Binge watching Netflix can be entertaining at times, but I found that I can spend an entire day just sprawled out on my couch. I would feel a huge amount of guilt at the end of the day for not being productive, so I rarely watch television anymore.
The short of it is that I do not find anything pleasurable anymore. Sure, I have my occasional trysts with NP and FF, but even that feels empty.
I get up every morning, put on my work face, smile when I need to smile, perform my duties at work and at home, exercise fanatically every night – basically live my life like a high functioning human being – but I am dead inside.
I know this just is just a cycle, and soon, I will feel better again. But for now, all I can see in front of me is darkness, and during these times, I pray for nothing but everlasting sleep.
New York got dumped with quite a bit of snow this year. Two weeks ago, we had seventeen inches of snow. This past week we only got a few inches, but it was a few inches on top of the snow that never melted from last time.
Texas got battered this past week with a severe winter storm, and many are left without power or water.
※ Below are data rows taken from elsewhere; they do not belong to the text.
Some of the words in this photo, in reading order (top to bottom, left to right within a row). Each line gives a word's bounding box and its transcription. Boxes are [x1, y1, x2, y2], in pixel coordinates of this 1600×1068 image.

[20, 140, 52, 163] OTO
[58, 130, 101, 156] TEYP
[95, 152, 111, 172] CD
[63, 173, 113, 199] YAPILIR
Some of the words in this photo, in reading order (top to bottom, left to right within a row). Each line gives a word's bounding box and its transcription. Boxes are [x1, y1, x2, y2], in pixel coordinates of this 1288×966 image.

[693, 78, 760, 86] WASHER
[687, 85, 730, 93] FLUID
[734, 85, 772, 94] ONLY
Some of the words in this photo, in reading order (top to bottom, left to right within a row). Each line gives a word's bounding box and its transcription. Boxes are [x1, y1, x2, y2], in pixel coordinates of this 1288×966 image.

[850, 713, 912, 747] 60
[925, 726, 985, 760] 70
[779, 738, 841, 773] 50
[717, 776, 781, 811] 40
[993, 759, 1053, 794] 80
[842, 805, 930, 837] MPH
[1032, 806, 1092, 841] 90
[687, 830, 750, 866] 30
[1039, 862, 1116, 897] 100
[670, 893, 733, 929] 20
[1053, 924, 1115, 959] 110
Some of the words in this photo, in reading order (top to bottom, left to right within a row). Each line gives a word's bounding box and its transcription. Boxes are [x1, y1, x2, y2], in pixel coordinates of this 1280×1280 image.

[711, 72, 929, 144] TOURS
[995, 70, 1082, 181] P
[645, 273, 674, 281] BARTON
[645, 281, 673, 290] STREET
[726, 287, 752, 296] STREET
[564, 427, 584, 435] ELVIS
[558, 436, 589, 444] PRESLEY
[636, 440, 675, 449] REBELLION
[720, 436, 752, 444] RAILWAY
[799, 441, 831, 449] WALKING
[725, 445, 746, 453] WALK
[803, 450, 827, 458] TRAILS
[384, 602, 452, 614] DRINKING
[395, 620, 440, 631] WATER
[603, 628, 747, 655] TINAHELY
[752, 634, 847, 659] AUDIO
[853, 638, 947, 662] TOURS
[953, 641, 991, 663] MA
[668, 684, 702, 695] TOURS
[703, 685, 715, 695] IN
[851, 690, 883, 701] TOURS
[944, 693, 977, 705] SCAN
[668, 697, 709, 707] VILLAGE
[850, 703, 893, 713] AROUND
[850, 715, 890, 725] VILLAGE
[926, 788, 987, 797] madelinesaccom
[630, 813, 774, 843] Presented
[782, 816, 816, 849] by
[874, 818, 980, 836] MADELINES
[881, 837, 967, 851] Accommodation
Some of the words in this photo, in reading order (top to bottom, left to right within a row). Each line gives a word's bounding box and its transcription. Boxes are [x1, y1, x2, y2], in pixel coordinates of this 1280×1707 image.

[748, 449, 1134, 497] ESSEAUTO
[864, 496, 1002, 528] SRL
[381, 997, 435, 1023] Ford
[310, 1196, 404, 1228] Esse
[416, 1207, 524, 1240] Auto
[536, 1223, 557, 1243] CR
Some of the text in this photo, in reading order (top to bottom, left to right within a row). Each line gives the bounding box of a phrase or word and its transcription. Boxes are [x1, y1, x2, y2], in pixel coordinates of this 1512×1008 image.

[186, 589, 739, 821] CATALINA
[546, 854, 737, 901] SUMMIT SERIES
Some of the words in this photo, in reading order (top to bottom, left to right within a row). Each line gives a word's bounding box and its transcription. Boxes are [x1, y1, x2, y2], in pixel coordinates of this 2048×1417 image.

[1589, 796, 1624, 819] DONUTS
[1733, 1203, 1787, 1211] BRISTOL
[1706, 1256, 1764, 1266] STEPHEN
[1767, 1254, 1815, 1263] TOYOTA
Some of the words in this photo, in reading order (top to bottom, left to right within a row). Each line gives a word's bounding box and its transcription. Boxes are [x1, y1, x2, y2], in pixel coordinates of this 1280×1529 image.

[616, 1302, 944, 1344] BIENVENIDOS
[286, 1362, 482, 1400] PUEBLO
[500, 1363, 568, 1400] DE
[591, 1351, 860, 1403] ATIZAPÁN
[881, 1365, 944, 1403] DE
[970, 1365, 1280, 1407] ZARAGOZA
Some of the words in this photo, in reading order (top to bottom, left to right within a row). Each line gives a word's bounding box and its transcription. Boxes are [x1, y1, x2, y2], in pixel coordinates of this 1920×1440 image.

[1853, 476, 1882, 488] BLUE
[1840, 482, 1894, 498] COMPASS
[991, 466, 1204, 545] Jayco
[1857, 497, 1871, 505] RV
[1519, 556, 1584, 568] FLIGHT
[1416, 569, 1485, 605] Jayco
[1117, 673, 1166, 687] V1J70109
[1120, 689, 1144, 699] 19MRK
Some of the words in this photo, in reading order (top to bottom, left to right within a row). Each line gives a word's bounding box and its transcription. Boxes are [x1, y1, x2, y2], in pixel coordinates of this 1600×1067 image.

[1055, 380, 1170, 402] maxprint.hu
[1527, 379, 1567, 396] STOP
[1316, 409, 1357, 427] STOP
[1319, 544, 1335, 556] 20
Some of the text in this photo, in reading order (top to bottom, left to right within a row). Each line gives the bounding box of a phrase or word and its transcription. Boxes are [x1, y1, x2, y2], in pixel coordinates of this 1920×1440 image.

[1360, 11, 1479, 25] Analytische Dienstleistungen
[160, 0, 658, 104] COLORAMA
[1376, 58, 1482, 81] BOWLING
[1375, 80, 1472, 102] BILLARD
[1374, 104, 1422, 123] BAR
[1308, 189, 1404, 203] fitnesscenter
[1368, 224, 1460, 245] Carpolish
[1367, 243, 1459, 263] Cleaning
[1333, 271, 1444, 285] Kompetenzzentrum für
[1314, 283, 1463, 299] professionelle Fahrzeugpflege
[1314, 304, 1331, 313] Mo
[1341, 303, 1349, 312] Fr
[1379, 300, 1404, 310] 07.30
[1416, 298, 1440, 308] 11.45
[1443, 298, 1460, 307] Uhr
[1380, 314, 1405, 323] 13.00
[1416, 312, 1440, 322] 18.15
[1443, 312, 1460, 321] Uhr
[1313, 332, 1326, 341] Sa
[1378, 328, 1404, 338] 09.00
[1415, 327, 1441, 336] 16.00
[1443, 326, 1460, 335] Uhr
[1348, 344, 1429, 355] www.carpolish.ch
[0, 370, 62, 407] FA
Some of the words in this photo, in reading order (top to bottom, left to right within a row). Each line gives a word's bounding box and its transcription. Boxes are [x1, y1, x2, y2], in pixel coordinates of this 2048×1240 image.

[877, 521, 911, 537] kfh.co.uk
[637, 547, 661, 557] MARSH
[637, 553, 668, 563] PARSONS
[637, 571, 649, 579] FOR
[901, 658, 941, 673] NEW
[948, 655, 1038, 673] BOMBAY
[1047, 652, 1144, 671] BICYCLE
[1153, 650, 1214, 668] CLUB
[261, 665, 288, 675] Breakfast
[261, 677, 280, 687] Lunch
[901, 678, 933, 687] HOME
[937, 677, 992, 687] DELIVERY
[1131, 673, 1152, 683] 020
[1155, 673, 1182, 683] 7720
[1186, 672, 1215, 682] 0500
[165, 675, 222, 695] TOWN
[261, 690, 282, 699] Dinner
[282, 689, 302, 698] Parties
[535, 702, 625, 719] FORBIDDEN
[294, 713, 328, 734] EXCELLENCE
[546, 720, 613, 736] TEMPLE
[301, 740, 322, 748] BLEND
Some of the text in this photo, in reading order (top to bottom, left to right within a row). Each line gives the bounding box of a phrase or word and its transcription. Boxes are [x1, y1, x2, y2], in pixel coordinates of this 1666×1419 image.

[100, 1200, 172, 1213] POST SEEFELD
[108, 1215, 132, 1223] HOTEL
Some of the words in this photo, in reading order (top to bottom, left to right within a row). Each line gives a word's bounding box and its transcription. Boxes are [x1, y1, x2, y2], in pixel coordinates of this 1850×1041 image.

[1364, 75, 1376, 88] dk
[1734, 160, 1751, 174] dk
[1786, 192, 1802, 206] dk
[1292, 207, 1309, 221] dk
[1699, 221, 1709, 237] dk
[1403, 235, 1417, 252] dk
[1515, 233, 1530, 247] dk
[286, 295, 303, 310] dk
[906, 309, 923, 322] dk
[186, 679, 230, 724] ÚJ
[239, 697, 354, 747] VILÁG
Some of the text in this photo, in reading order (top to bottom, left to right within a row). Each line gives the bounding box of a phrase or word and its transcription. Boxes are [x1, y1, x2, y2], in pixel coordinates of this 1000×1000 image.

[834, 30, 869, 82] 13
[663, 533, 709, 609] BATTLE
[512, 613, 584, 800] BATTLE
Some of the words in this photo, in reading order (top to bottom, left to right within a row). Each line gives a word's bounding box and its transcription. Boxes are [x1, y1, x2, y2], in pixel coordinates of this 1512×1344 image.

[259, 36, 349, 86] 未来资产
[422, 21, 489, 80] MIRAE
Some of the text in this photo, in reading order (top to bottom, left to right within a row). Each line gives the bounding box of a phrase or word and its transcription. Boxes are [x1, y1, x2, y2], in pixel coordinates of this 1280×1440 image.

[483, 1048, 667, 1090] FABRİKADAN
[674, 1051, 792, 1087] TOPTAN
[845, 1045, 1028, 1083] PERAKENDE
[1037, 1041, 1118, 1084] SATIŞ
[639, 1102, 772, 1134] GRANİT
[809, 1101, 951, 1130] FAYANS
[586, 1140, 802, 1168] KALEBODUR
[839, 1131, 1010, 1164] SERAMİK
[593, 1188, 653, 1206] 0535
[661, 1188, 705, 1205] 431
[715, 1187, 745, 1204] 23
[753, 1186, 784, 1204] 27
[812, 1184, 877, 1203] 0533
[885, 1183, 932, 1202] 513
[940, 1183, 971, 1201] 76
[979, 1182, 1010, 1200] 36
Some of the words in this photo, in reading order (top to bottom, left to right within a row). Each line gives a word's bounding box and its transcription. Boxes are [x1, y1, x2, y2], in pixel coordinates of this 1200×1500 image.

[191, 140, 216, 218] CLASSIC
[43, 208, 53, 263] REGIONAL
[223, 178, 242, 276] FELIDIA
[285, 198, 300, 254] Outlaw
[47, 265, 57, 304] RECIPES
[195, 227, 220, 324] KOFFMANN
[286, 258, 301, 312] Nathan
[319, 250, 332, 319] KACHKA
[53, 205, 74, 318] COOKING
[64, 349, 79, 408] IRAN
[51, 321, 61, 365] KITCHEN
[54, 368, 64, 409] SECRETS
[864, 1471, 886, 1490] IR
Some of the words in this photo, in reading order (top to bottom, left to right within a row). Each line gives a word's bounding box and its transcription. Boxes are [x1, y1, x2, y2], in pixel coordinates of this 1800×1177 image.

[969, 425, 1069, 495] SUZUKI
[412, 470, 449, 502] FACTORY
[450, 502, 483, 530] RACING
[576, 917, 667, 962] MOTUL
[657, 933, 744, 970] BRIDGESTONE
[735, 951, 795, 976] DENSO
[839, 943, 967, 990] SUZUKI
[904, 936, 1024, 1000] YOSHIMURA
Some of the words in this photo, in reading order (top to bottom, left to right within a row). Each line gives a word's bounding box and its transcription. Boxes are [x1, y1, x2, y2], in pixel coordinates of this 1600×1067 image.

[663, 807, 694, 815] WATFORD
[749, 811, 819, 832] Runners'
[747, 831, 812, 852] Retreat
They are in a state of emergency with fifteen million ordered to boil water after a power failure.
So, I do not feel right complaining about the weather situation here in New York.
This was taken on 31 January – the first snowfall of the year.
Of course, it does not look this pretty anymore. It is now about 4 inches of brown and yucky slush. I trekked in it this morning as I made my way to the Sunday farmer’s market they have in my neighborhood.
One of the many changes I made during this pandemic is my diet. I have been eating primarily food that I cook at home, and not intentionally, I stopped consuming dairy products. It was difficult to get fresh milk at the start of the pandemic, so I resorted to buying cartons of oat milk. Additionally, it was rare for me to eat restaurant food so during the course of the year, my stomach became accustomed to digesting more natural foods.
On the way back home from the farmer’s market, I ran into a few neighborhood friends, and we decided to have brunch at a local restaurant. New York is at twenty-five percent capacity at restaurants now, so we were fortunate to be able to dine indoors.
Within thirty minutes of eating restaurant food and drinking coffee with regular milk, my stomach started making noises and I felt that uncomfortable wrench of indigestion, and I immediately knew it was because my body was no longer accustomed to regular milk and restaurant food.
Because my body reacted so violently, I took it as a signal that I should not try to restore my pre-pandemic dietary choices, and to proceed with the new and healthier way of eating that I adopted this past year.
It it not lost on me that it took a pandemic to get me to start eating healthily.